First, remember that the number one fear of adults is public speaking, so your students, regardless of whether they are 18-year-old freshmen or 68-year-old graduate students, are likely to need a fair amount of reassurance. One key form of the reassurance that will support them (but that many professors overlook) is providing students with an adequate overview of the assignment. When students don’t have the ‘big picture” they need, they are likely to make unfocused, disjointed presentations – which contribute to their feelings of inadequacy the next time around. Therefore, students should be provided – in writing and well in advance – the goals and objectives of the presentation, as well as a detailed scoring rubric.

In a large course or when building teamwork is an especially desirable goal, you might consider having students make presentations in a group setting, for example, as a member of a forum or panel discussion. Presenting to a small group is less frightening than presenting to a large group, particularly if the chosen subset of the class has been working together on various projects through the semester.

If yours is an introductory course and/or students voice considerable anxiety, provide individual coaching or model presentation skills, showing students how to gain viewers’ attention, use visual aids, form a powerful conclusion, and so on.
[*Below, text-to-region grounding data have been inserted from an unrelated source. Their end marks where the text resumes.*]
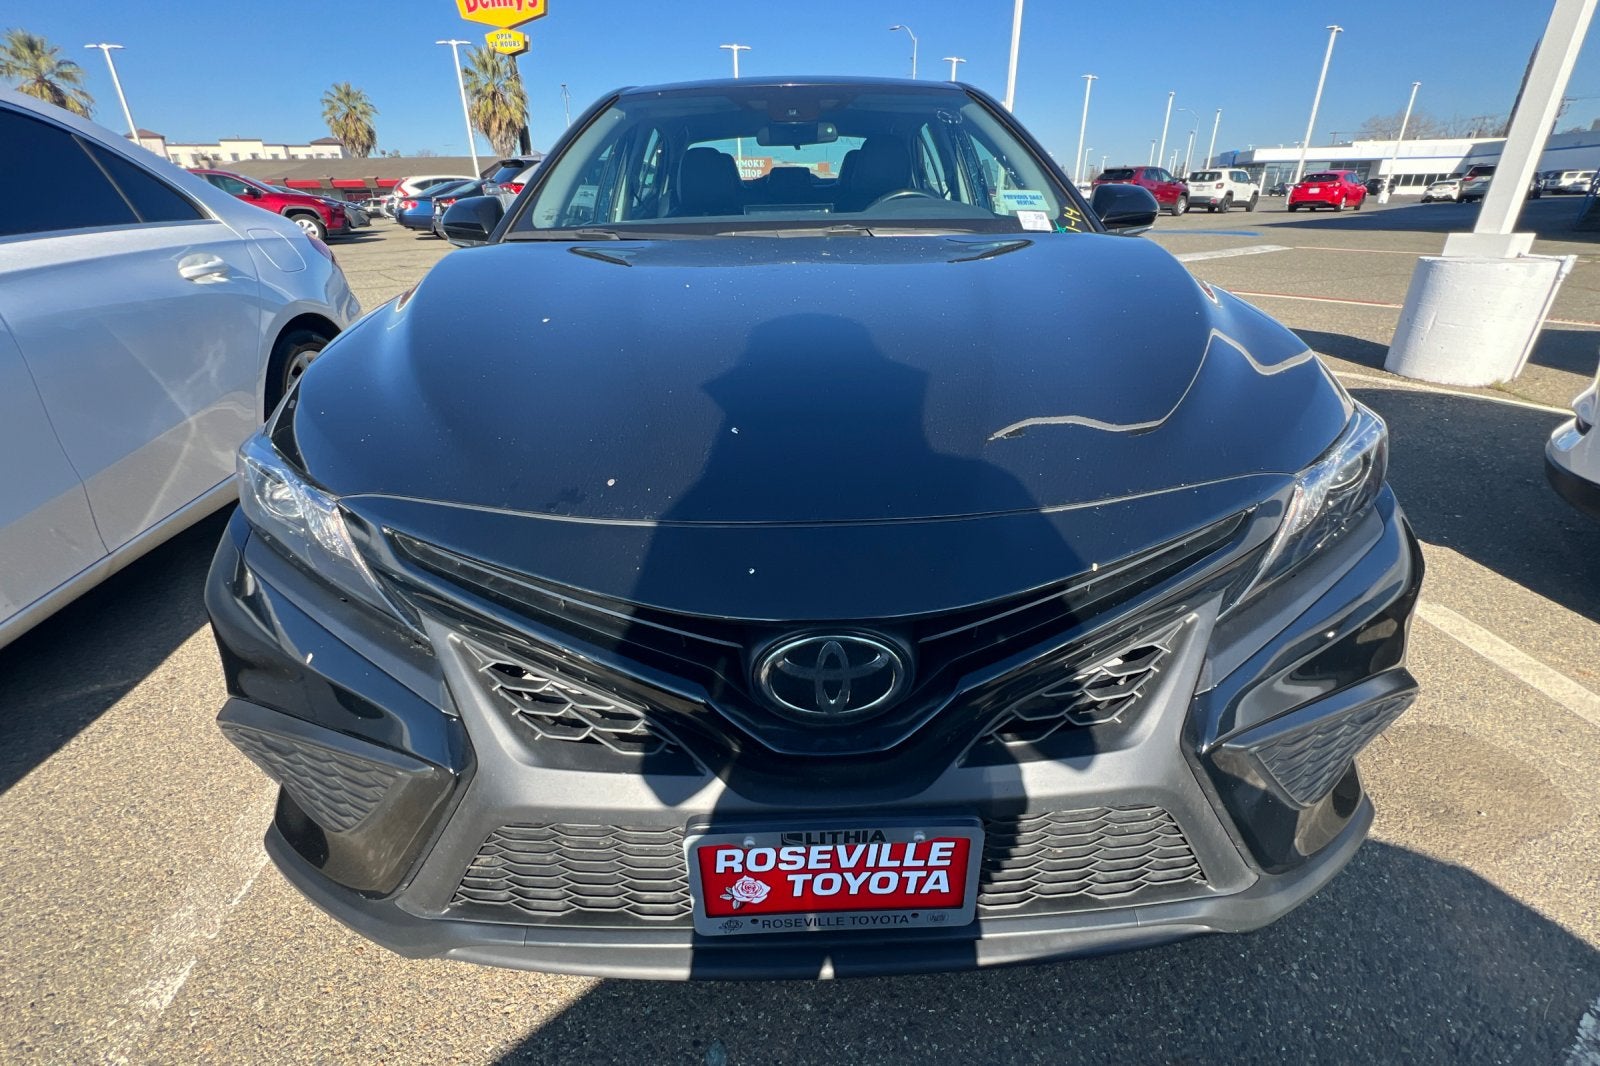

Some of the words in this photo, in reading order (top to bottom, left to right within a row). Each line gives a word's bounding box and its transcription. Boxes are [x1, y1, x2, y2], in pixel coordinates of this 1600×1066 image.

[740, 169, 762, 178] SHOP
[805, 829, 887, 845] LITHIA
[715, 841, 956, 873] ROSEVILLE
[787, 870, 950, 897] TOYOTA
[761, 915, 848, 929] ROSEVILLE
[849, 914, 909, 926] TOYOTA
You can also have a student with a proven track record in another professor’s class demonstrate effective presentation skills. Videos (off or on-line) on how to develop an excellent presentation are another possibility. A final, but far less desirable, option is to deliver a full presentation yourself, emphasizing in advance the key techniques students should look for. Some students are likely to have difficulty separating such a presentation from regular lecture or demonstration, while others might view such a presentation as *the* model and work so hard to duplicate it that they appear unnatural. Note: This is, of course, assuming that you are a model presenter.

Viewers and speakers can derive full value from presentations only when feedback is plentiful, objective, and consistent. We recommend allowing viewers to contribute to the evaluation of their peers. One frequently used method is to give viewers index cards on which they are asked to do a “three by three”; that is, they are to write down three strong points and three suggested improvements for each presentation. These are turned in at the end of the presentation and then attached to the evaluation form completed by the instructor.
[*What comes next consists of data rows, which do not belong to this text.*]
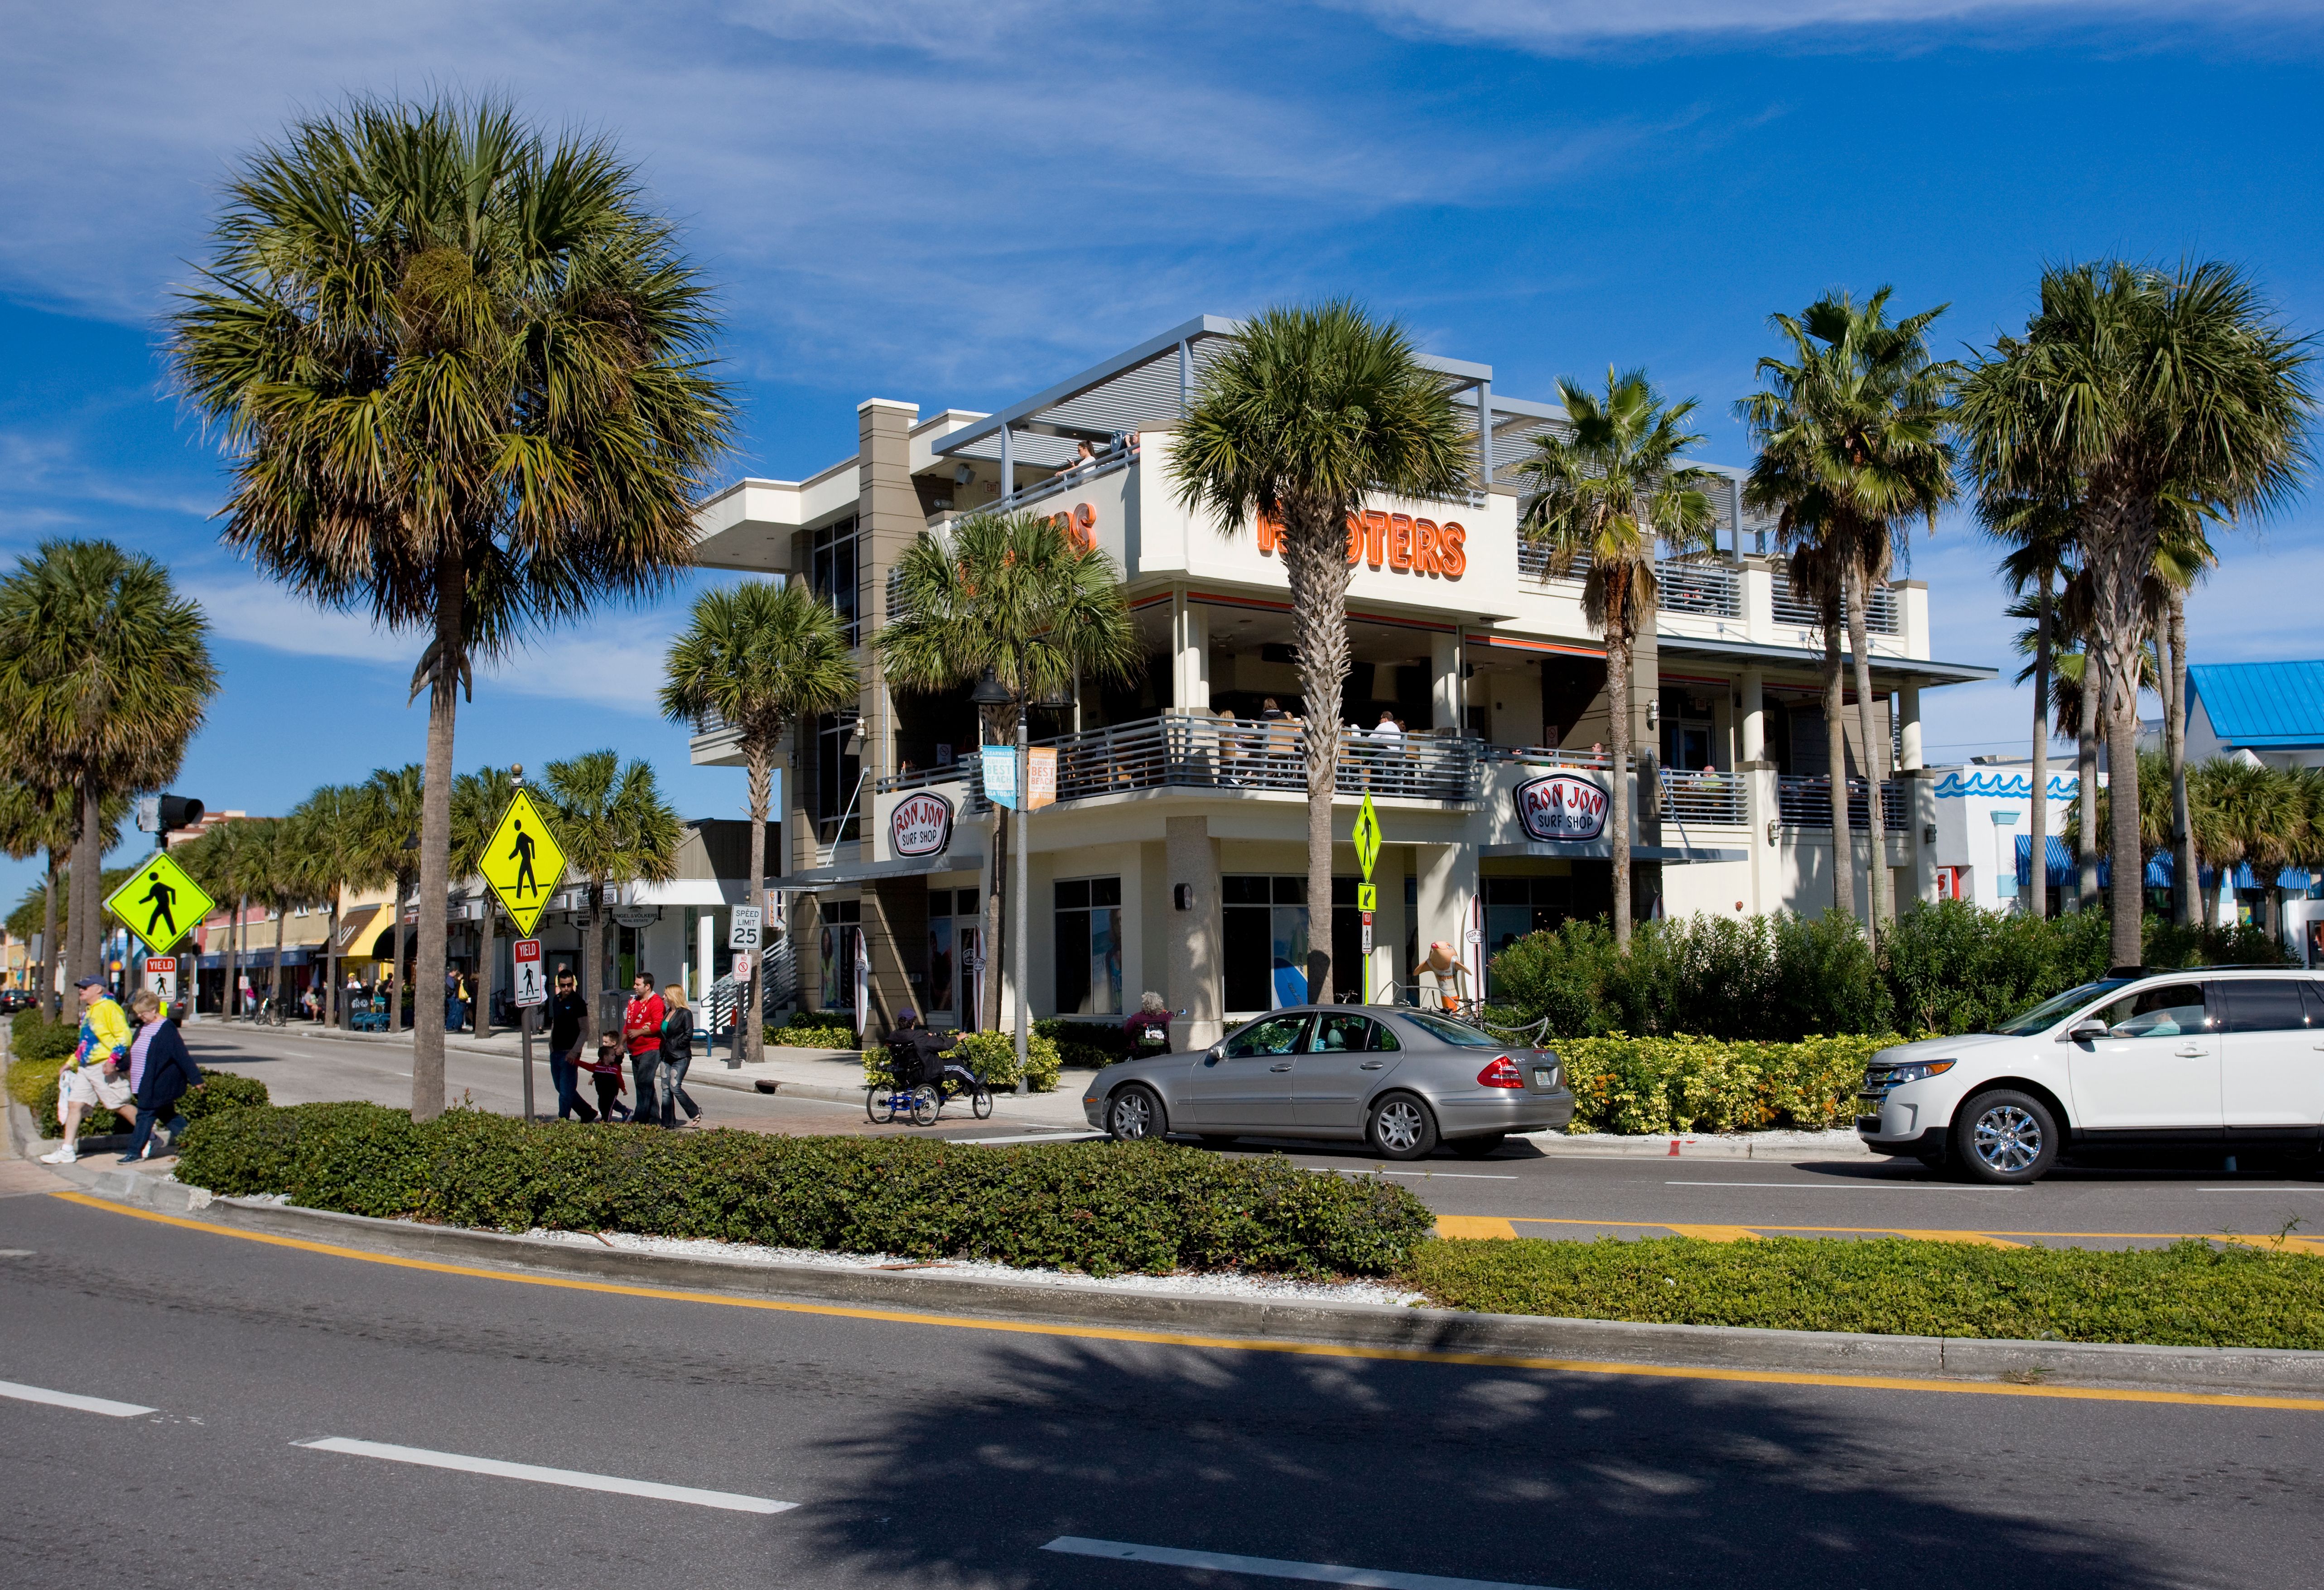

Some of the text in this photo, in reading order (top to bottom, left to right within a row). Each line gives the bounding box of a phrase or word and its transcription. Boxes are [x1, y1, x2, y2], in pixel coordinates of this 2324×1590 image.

[987, 483, 996, 492] EXIT
[1257, 499, 1466, 576] HOTERS
[986, 765, 1012, 775] BEST
[1032, 767, 1054, 776] BEST
[1528, 784, 1603, 816] RON JON
[896, 802, 943, 837] RON JON
[1538, 814, 1593, 829] SURF SHOP
[902, 829, 937, 846] SURF SHOP
[734, 928, 757, 944] 25
[519, 944, 536, 957] YIELD
[149, 961, 173, 970] YIELD
The student who makes the presentation is not the only one who is learning. Therefore, you should measure the learning that occurs among the audience. This helps to indicate to the student presenters that the effectiveness of their efforts matters – not only to them but to their classmates. It is sometimes worthwhile to base at least a portion of the presenter’s grade on how much the other students learned. Remember, what gets measured gets done, and students value those measurements (i.e., grades) highly.

Deliver specific praise for student presentations in public, and give constructive criticism in private. This way of delivering feedback is part of creating a supportive environment. Keep in mind that such an environment increases students’ retention of the material that they have already presented, as well as what they have heard their fellow students present. It also contributes to the enhancement of student efficacy and self-esteem.
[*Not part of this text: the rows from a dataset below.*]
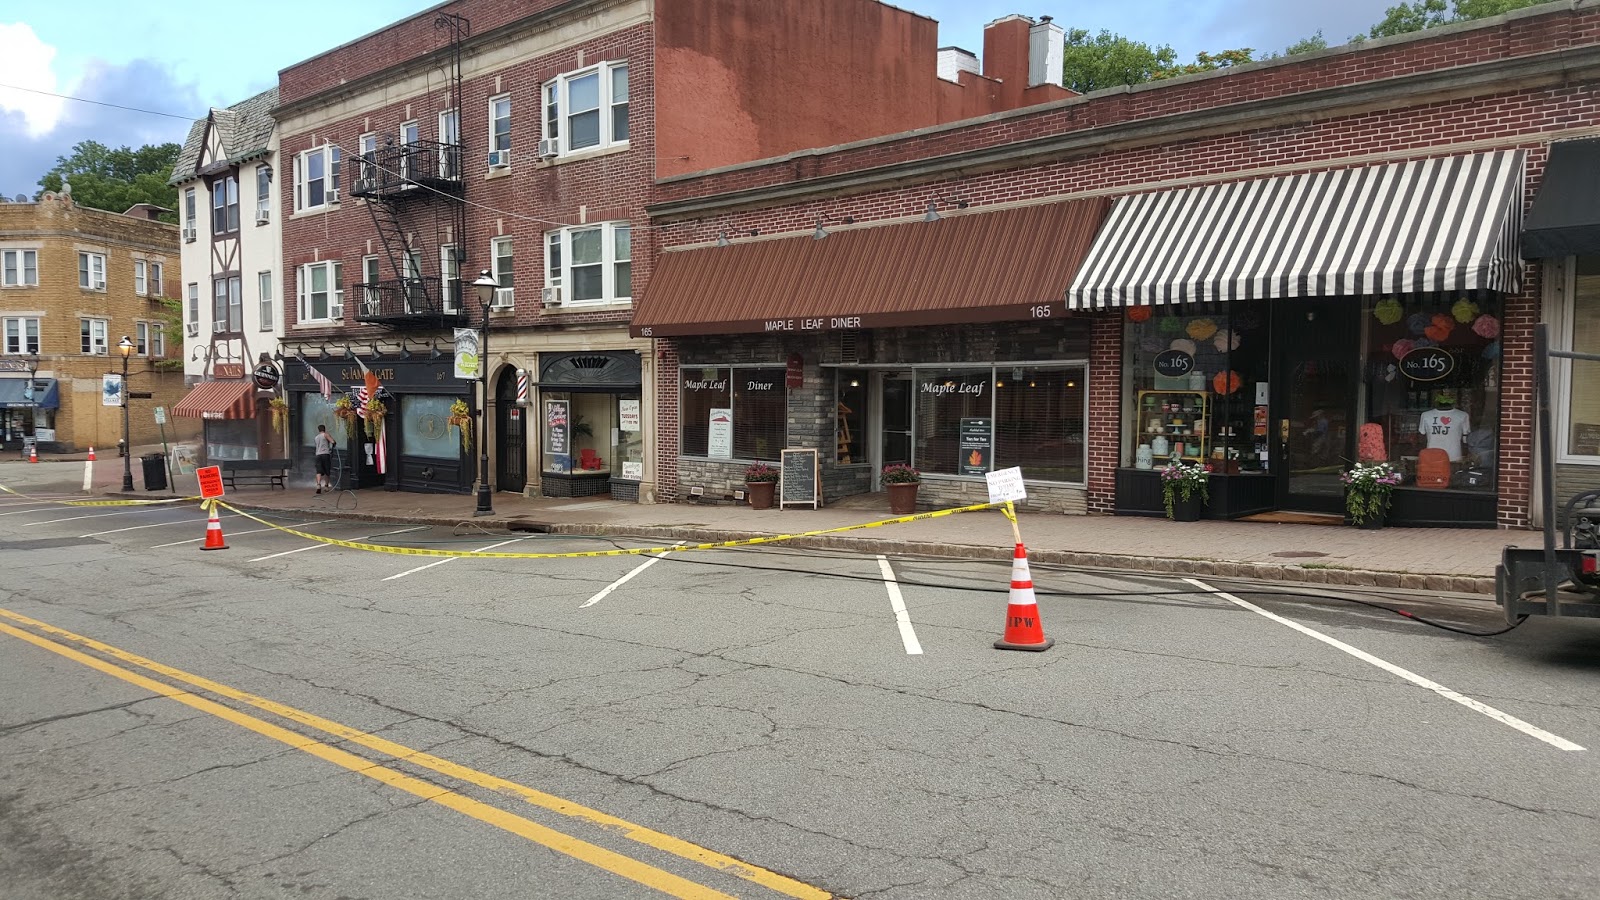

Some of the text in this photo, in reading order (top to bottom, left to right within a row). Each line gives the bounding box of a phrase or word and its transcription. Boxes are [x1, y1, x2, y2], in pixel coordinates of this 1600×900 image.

[1030, 305, 1051, 318] 165
[765, 317, 861, 331] MAPLE LEAF DINER
[641, 327, 653, 337] 165
[1171, 355, 1188, 370] 165
[1407, 353, 1446, 372] No. 165
[223, 365, 242, 377] NAILS
[374, 368, 394, 380] GATE
[684, 379, 727, 393] Maple Leaf
[747, 380, 773, 391] Diner
[921, 380, 986, 397] Maple Leaf
[1432, 417, 1438, 425] I
[1432, 426, 1450, 435] NJ
Finally, remember that nearly any good idea can be overdone. Unless yours is a public speaking course, resist the increasingly common tendency, especially in graduate courses, to have students learn the majority of the course content through various types of presentations. Consumer-oriented students are likely to perceive that such an arrangement denies them access to the expertise of a professor for whom they invested considerable financial resources.